Responding with Fellowship
The last two weeks we've talked about how we should respond to the many events unfolding in the headlines around us. Some of the events behind those headlines are both tragic and evil - and we've looked at how we're called to respond, not with hate or violence, but in prayer and with holiness. But many in the world are responding with anger and division. And since it doesn't seem like things are going to calm down any time soon - I also want to talk about responding with fellowship and why that's important.

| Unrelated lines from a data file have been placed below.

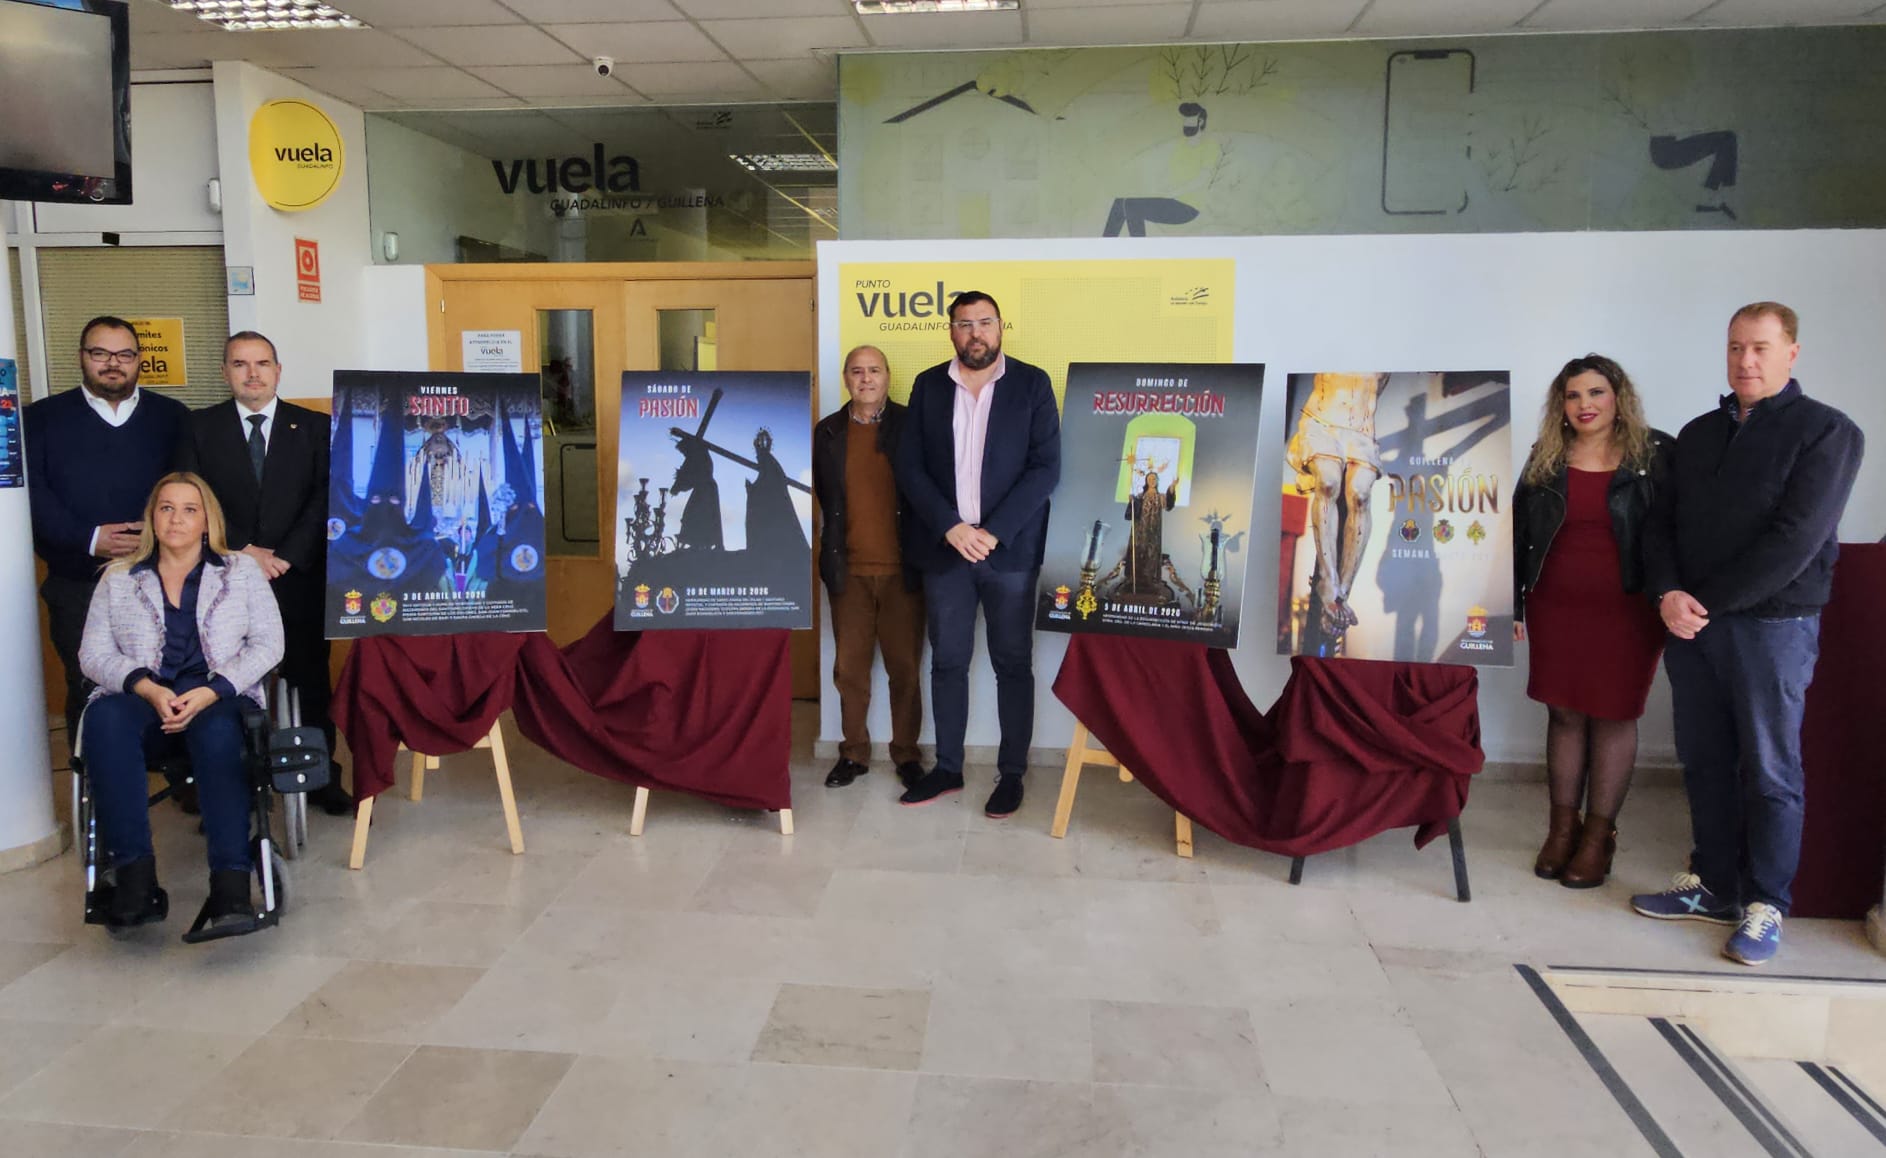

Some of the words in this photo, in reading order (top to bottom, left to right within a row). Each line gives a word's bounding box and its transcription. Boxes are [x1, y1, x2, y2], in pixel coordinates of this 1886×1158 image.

[274, 142, 333, 162] vuela
[491, 142, 640, 194] vuela
[550, 199, 641, 211] GUADALINFO
[657, 196, 725, 209] GUILLENA
[855, 279, 891, 289] PUNTO
[879, 322, 951, 332] GUADALINFO
[140, 355, 167, 373] ela
[681, 385, 692, 394] DE
[1135, 378, 1175, 388] DOMINGO
[1177, 378, 1189, 388] DE
[420, 386, 458, 395] VIERNES
[409, 395, 470, 417] SANTO
[639, 395, 700, 419] PASIÓN
[1093, 389, 1226, 417] RESURRECCIÓN
[1388, 467, 1500, 514] PASIÓN
[1392, 548, 1431, 559] SEMANA
[403, 592, 409, 601] 3
[411, 592, 422, 601] DE
[424, 592, 449, 601] ABRIL
[451, 591, 462, 600] DE
[698, 587, 708, 596] DE
[709, 587, 735, 596] MARZO
[737, 587, 747, 596] DE
[1111, 603, 1121, 613] DE
[1123, 604, 1146, 614] ABRIL
[1148, 606, 1158, 616] DE
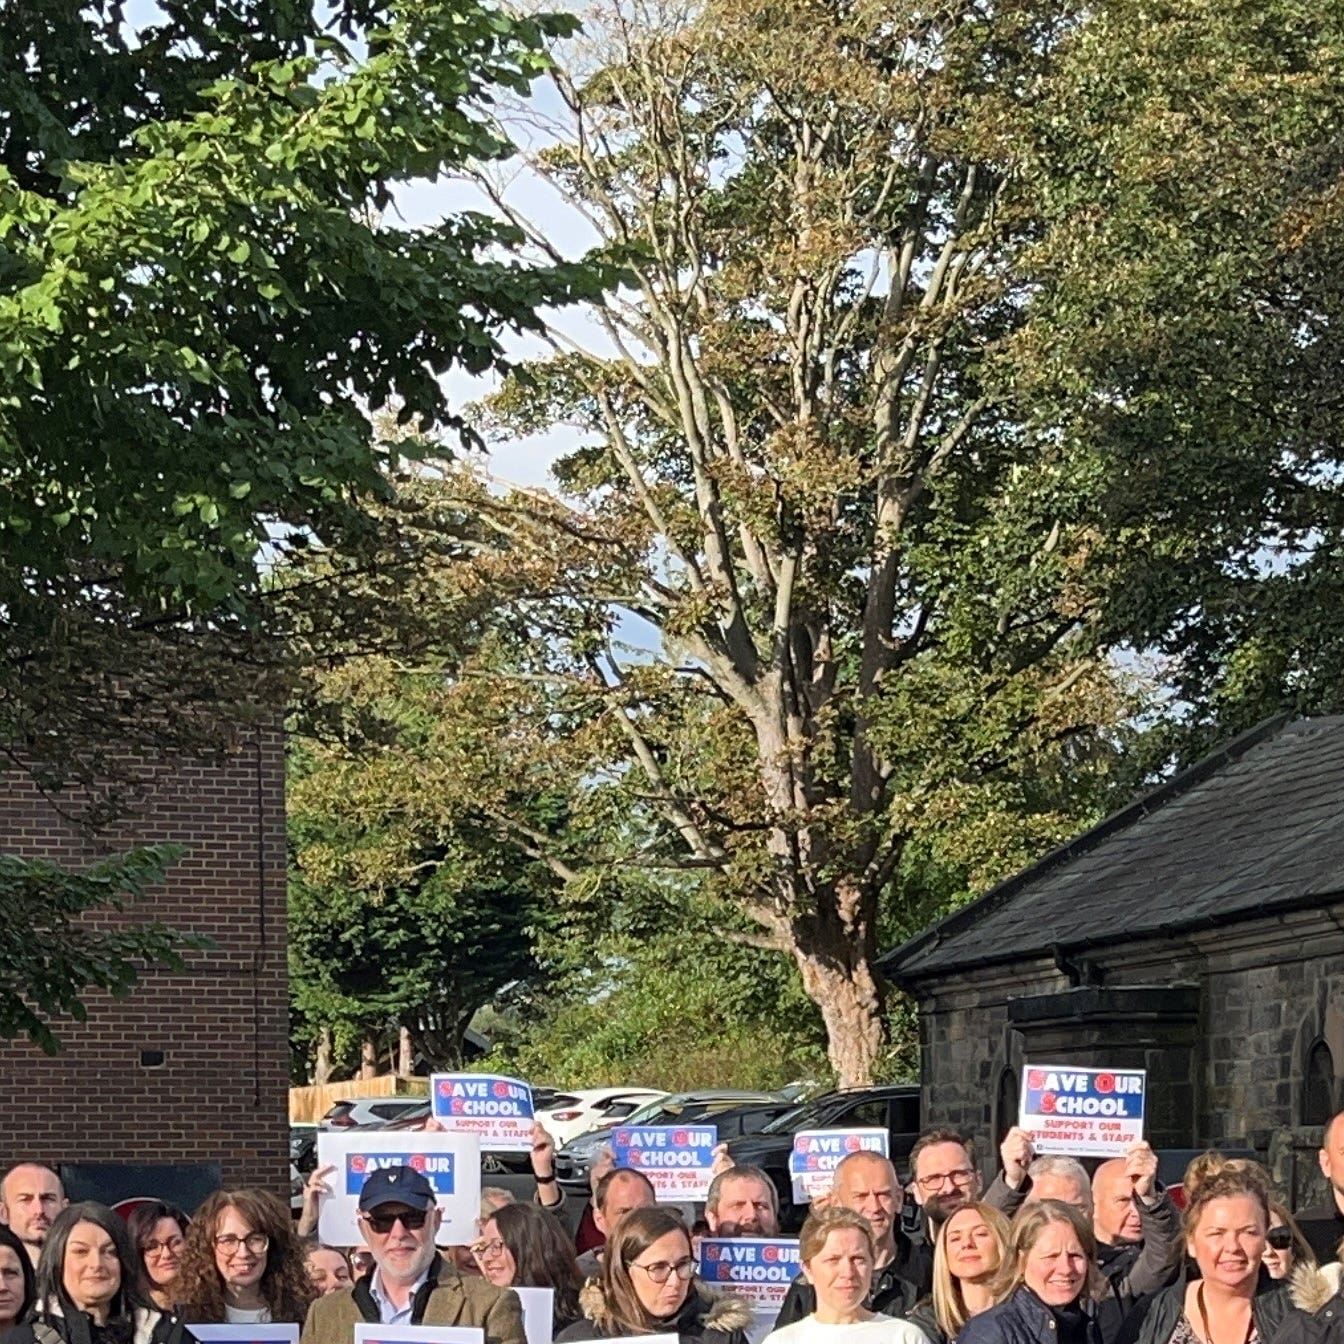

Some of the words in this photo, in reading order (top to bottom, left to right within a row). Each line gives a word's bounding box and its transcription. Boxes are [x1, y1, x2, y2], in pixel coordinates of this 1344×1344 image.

[439, 1081, 488, 1098] SAVE
[493, 1082, 528, 1101] OUR
[1028, 1071, 1088, 1092] SAVE
[1094, 1073, 1142, 1094] OUR
[451, 1101, 520, 1116] SCHOOL
[1041, 1092, 1127, 1116] SCHOOL
[1044, 1120, 1094, 1129] SUPPORT
[1099, 1122, 1121, 1130] OUR
[617, 1129, 666, 1147] SAVE
[672, 1130, 711, 1147] OUR
[797, 1138, 840, 1153] SAVE
[845, 1136, 881, 1151] OUR
[409, 1155, 450, 1173] OUR
[628, 1148, 701, 1166] SCHOOL
[706, 1245, 755, 1262] SAVE
[717, 1263, 790, 1280] SCHOOL

Now, when I say 'fellowship' in the Church many people's minds immediately go to the idea of a 'carry in dinner'. There's nothing wrong with a good potluck – but if that's all our understanding of fellowship is, we're missing out on so much more that God intends for us. I want us to start by looking at a passage where the apostle Peter preached after receiving the gift of God's Holy Spirit. And this is the response of the people, from Acts 2:41-47 (NIV)...
Those who accepted his message were baptized, and about three thousand were added to their number that day. (42) They devoted themselves to the apostles' teaching and to the fellowship, to the breaking of bread and to prayer. (43) Everyone was filled with awe, and many wonders and miraculous signs were done by the apostles. (44) All the believers were together and had everything in common. (45) Selling their possessions and goods, they gave to anyone as he had need.
(46) Every day they continued to meet together in the temple courts. They broke bread in their homes and ate together with glad and sincere hearts, (47) praising God and enjoying the favor of all the people. And the Lord added to their number daily those who were being saved.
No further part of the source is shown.